Firstly, thanks to Keith McGovern for the following three photographs, all of a 1954 Riley RME saloon that he owned at the dawn of the 1970s. By this time, the Riley had seen around 16/17 years of action. First registered in the London area, 990 CML was a throwback to the post-war era of British built saloons that still employed traditional coachbuilding practices within its structure, unlike the Rileys of the mid/late 1960s, which were re-worked - or "badge-engineered" - offerings based on other cars from within the British Motor Corporation's stable.
RMs are no stranger to the Old Classic Car site. On this page, for example, are another visitor's recollections of owning a 1.5 Litre Riley RME in the late 1960s and early 1970s. The site search will no doubt bring up more references to these fine old cars too.
Keith's car was an RME, an RM variant introduced in 1952 and based on the previous 1.5 Litre 1945-1952 RMA. The differences between the two cars was evolutionary rather than revolutionary. The rear window was enlarged over the earlier car, while the running boards were deleted (1953) to distance the car slightly from its 1930s/1940s roots.
Two of Keith's photos show the Riley parked in a street, circa 1971/72. The handsome lines of Riley's post-war saloon offering are clear to see in this photo, but undoubtably belonged in an earlier age, with its two-piece windscreen, upright radiator grille, and partially-enclosed rear wheel spats. By comparison, the Ford 100E Anglia in the background, which was probably a similar age to the Riley, looks almost modern by comparison. Note the absent windscreen wiper on the driver's side.

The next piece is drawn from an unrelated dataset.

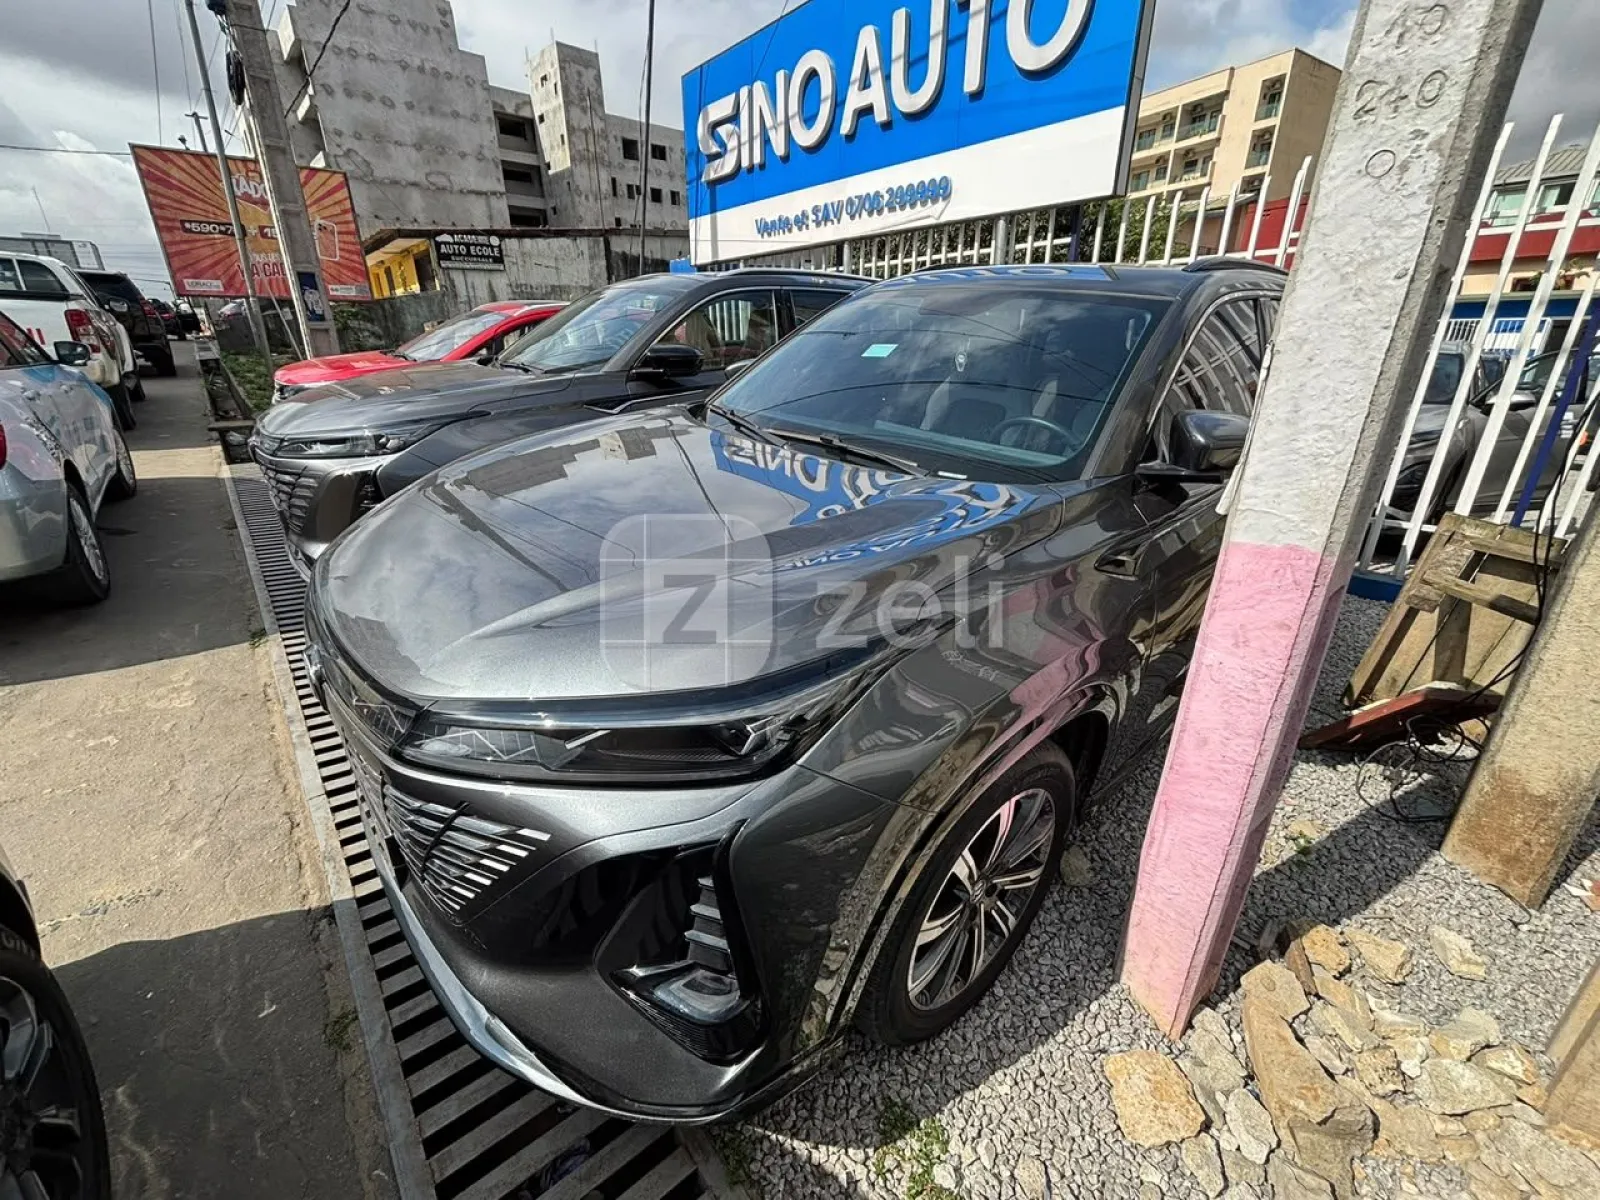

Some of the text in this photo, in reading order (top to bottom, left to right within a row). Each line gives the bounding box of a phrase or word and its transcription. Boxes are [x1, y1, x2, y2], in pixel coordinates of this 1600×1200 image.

[812, 200, 844, 227] SAV
[440, 244, 500, 257] AUTO ECOLE

(Please click the thumbnail to view the full-size image.)
Riley RME
(My own dad owned a couple of RMs, and waxes lyrical about them to this day. One was a 1.5 Litre RMA saloon, the other a 2.5 Roadster which he swapped in the 1960s ... for a Triumph Herald. I don't think he's ever got over that deal. Photos of those Rileys can be found on his motoring memories page.)

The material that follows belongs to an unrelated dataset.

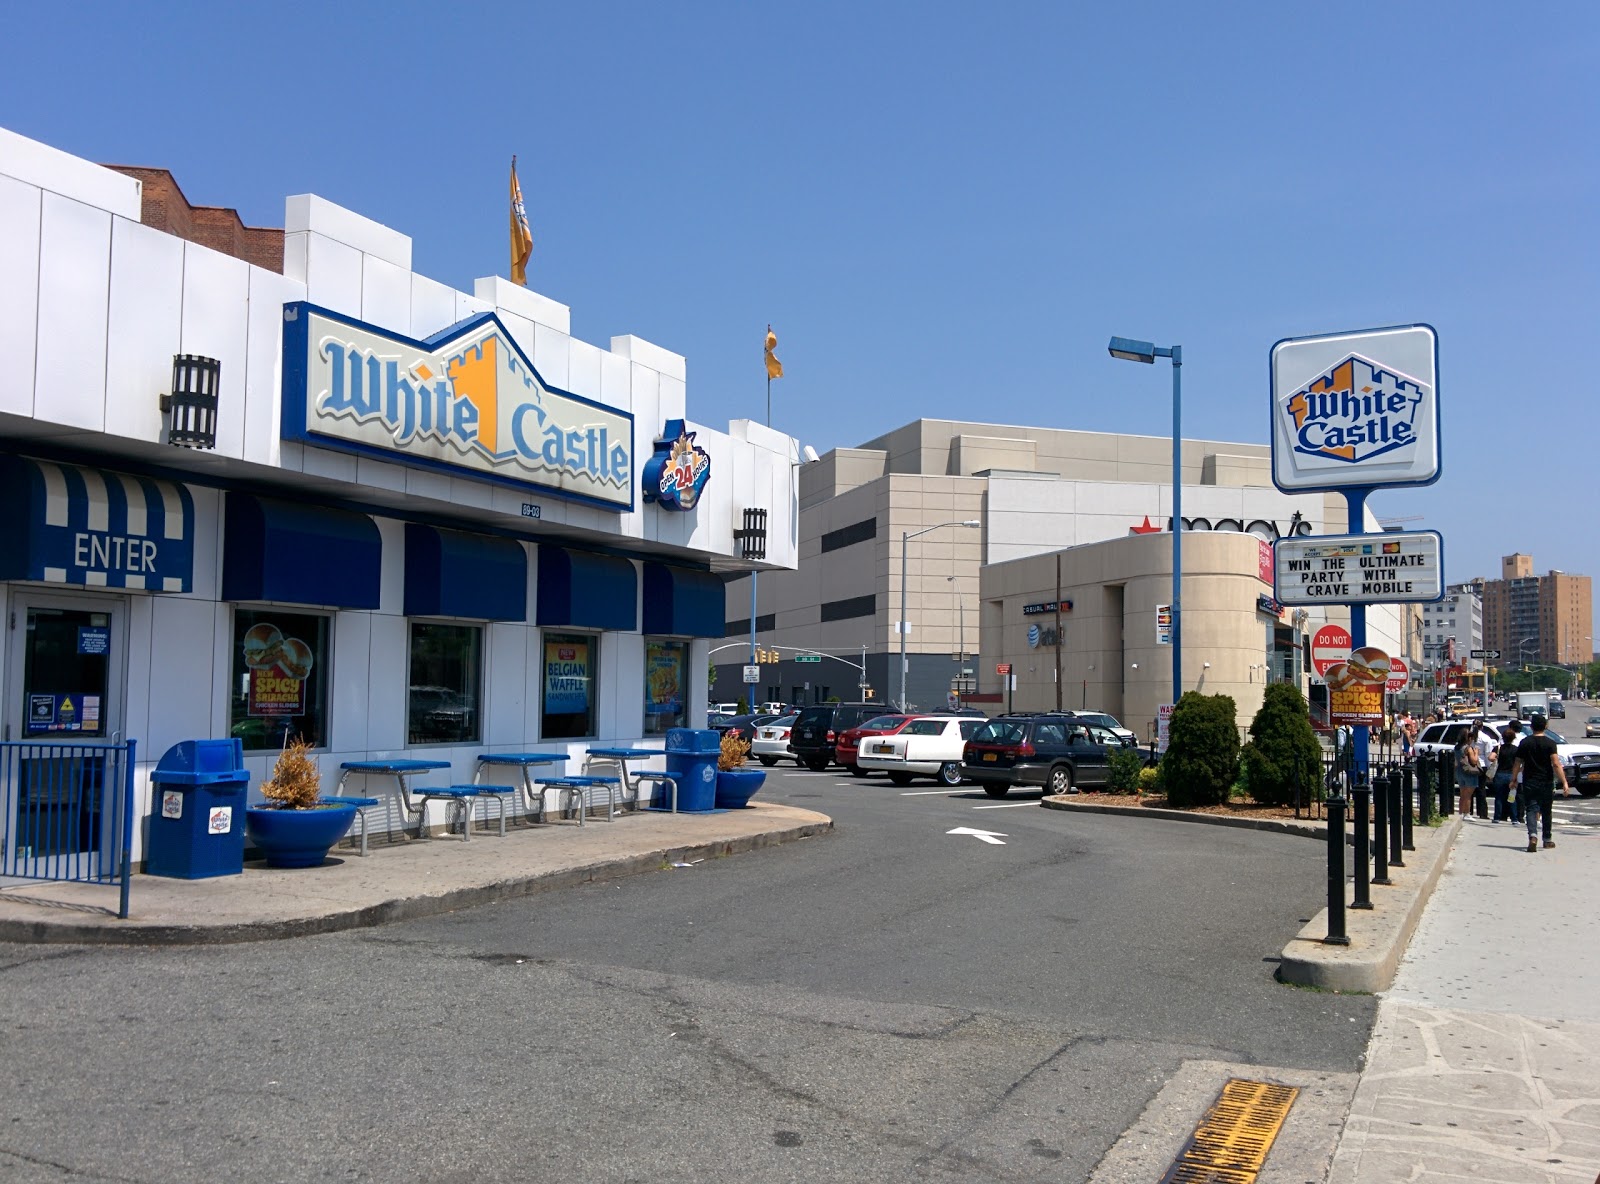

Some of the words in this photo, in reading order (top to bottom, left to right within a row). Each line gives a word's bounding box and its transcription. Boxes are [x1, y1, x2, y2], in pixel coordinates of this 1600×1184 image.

The second of Keith's photos appears to have been taken on the same day, albeit this time from the relative safety of the pavement rather than the middle of the road. The 100E is still in evidence behind the Riley, sporting a period roof rack. Across the road is an altogether more advanced machine, in the distinctively-Citroenesque and oh-so-futuristic form of a DS saloon.

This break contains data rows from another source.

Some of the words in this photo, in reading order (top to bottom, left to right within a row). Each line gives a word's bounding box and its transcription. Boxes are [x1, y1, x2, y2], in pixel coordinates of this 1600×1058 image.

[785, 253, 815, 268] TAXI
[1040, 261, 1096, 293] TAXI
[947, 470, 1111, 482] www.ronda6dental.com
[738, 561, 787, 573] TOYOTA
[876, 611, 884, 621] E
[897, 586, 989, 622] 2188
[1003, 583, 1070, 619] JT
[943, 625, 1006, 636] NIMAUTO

Another front view of the Riley RME
Third in this trio of fascinating photos is another o/s/f view of the Riley, this time in the surroundings of a modern housing development. The car now has a matching pair of windscreen wipers, although has picked up a mild nerf to its nearside front wing. A couple of later cars can just be made out in the background, as can a Morris Minor van, to the right of shot in a driveway. The Riley's tax disc is for July but I can't quite make out the year.
Front view
I appreciate you permitting me to share your photos on OCC Keith, thanks again.